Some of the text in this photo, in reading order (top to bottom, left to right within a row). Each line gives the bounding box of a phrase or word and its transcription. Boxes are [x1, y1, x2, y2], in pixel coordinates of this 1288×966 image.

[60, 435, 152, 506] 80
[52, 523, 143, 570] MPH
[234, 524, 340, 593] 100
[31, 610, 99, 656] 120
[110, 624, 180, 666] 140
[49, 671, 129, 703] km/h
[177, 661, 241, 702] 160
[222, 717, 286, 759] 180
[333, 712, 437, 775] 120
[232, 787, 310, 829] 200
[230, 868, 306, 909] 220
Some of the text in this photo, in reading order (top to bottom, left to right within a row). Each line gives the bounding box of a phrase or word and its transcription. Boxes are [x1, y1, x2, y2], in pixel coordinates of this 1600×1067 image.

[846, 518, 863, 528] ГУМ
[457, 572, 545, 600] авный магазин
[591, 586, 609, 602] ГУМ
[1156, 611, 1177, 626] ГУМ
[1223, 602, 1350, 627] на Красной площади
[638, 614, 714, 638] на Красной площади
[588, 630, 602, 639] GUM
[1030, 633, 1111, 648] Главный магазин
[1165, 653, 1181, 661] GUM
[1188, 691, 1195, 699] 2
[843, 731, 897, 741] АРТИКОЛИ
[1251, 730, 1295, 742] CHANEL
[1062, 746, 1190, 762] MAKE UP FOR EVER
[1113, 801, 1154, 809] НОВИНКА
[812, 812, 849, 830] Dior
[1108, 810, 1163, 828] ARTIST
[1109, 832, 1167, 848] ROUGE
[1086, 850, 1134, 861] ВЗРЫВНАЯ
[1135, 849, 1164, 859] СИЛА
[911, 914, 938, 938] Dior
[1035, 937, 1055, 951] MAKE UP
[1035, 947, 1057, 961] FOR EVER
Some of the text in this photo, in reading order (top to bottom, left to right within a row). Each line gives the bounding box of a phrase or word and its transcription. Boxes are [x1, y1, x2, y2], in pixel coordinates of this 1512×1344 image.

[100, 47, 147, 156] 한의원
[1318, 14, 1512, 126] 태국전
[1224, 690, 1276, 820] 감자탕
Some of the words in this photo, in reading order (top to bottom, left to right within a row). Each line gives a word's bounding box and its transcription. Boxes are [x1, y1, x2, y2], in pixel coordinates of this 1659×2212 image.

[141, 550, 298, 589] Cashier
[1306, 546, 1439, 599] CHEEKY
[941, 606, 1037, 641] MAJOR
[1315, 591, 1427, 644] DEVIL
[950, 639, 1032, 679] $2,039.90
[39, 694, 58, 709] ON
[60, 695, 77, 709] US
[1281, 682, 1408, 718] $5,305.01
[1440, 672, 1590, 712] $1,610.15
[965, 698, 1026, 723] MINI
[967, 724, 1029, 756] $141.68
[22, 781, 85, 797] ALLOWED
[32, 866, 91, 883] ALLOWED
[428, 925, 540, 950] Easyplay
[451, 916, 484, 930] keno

> [To do]: Output an exact copy of the lines from the one holding "this 1512×1344 image." to the last line of the data, inclusive, and nothing beyond that range.

> [Written response]:
Some of the text in this photo, in reading order (top to bottom, left to right within a row). Each line gives the bounding box of a phrase or word and its transcription. Boxes are [x1, y1, x2, y2], in pixel coordinates of this 1512×1344 image.

[100, 47, 147, 156] 한의원
[1318, 14, 1512, 126] 태국전
[1224, 690, 1276, 820] 감자탕
Some of the words in this photo, in reading order (top to bottom, left to right within a row). Each line gives a word's bounding box and its transcription. Boxes are [x1, y1, x2, y2], in pixel coordinates of this 1659×2212 image.

[141, 550, 298, 589] Cashier
[1306, 546, 1439, 599] CHEEKY
[941, 606, 1037, 641] MAJOR
[1315, 591, 1427, 644] DEVIL
[950, 639, 1032, 679] $2,039.90
[39, 694, 58, 709] ON
[60, 695, 77, 709] US
[1281, 682, 1408, 718] $5,305.01
[1440, 672, 1590, 712] $1,610.15
[965, 698, 1026, 723] MINI
[967, 724, 1029, 756] $141.68
[22, 781, 85, 797] ALLOWED
[32, 866, 91, 883] ALLOWED
[428, 925, 540, 950] Easyplay
[451, 916, 484, 930] keno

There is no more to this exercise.